Monday, 25 June 2012

Review: My Sister's Keeper, Jodi Picoult

I am a huge fan of Jodi Picoult's books, but weirdly, I hadn't ever read this one until recently, despite it being her most well-known novel. Jodi Picoult loves to write about controversial and divisive topics, in a way that shows all the different viewpoints, allowing readers to come to their own conclusion and often opening our eyes to the complexity of situations that on the surface might seem very straightforward. My Sister's Keeper is no exception, as it covers the topic of 'designer' babies and the ethics of having a child specifically for the purpose of saving the life of another.

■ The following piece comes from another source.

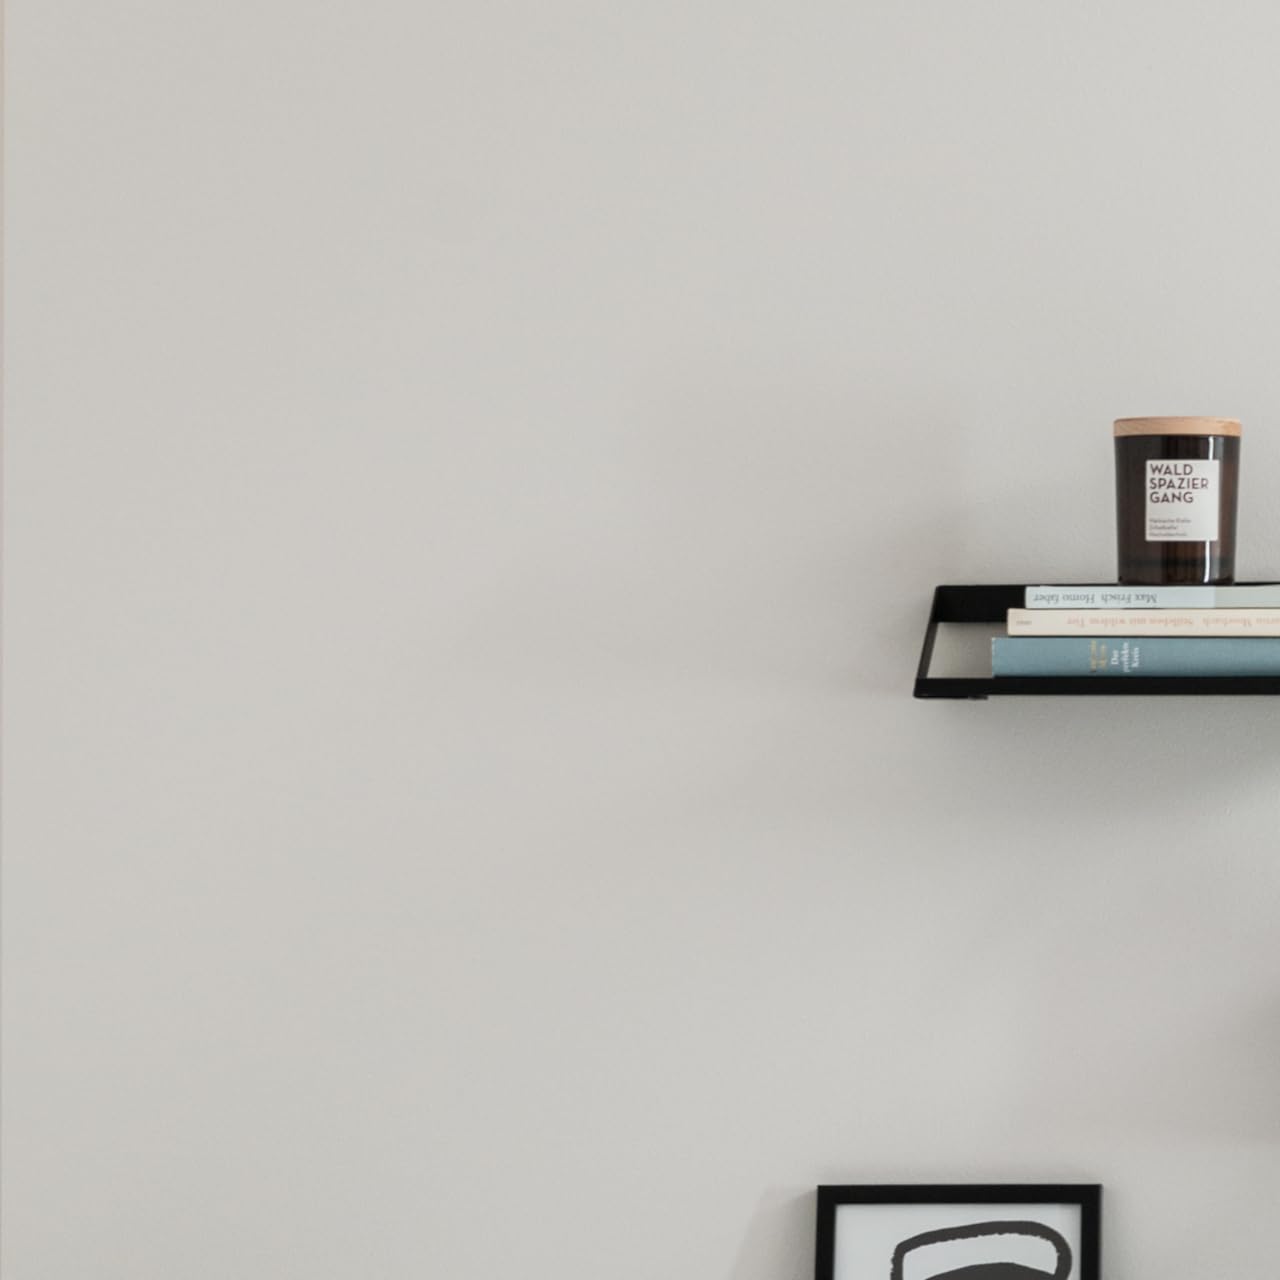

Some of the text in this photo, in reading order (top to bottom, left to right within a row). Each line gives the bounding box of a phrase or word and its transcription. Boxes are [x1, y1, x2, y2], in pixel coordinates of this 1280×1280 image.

The story follows thirteen-year-old Anna, who has always known that she was born in order to provide platelets and bone marrow for her older sister, Kate, who is dying from leukaemia. The story begins as Kate is suffering from kidney failure, and the family look to Anna as the donor. Sick of always being used for spare parts, Anna decides to file a lawsuit against her parents, suing them for the rights to her own body.

This 'medical emancipation' is the first case of its kind, and is obviously very controversial. Anna's mother is furious - how could she be so selfish as to effectively sign a death sentence for Kate? Each chapter follows a different point of view, from Anna, her lawyer, her mother, her father, and her brother Jesse, the black sheep of the family, who has tried to cope with his lifetime of neglect due to Kate's illness by turning to drink, drugs and arson. Interestingly, Kate's viewpoint has the least coverage in the story.

Having different chapters narrated by different characters is a common feature in Picoult's novels, because it allows us to sympathise with characters who would otherwise seem very cruel. At first Anna's mother seems like a bad parent who unfairly favours Kate and does not care about the wellbeing of Anna or Jesse, but her chapters move chronologically through the first diagnosis of Kate's leukaemia to the present day, and through her viewpoint we realise how difficult it has been for her to decide what to do, and how much love she has for all of her children.

The book is a full-on tearjerker throughout, and the ending hit me like a punch in the stomach. I haven't seen the film adaptation, but I do know that aside from the basic premise, the details and stories between the characters are very different, as are the endings, so lovers of the film might be surprised by a lot of the things that happen in this story. 

I liked My Sister's Keeper a lot. It made me think about what decision I would make if I was put in the position of either Anna or her parents, and it asked some very difficult questions about the ethics of conceiving 'donor babies'. This is definitely a book that will make you think, and hopefully leave you with an open mind and a deeper understanding of the different sides to the argument. It will also make you want to go around and give everyone you love a great big hug!

I give this book 4/5 - overall it was a really interesting story but some parts seemed to drag a bit, and felt unnecessary, such as the additional storyline of the lawyer trying to get back together with his ex. I found my eyes sliding off the page during some of these chapters. I guess the idea was to humanise him so that we'd relate to him as well as the other characters, but I just felt like if I'd wanted to read an angsty romance, then I would have picked up a different book! However, overall there was plenty to keep me turning the pages to find out what would happen, and I would recommend it to anybody who likes 'real life' stories that make you think.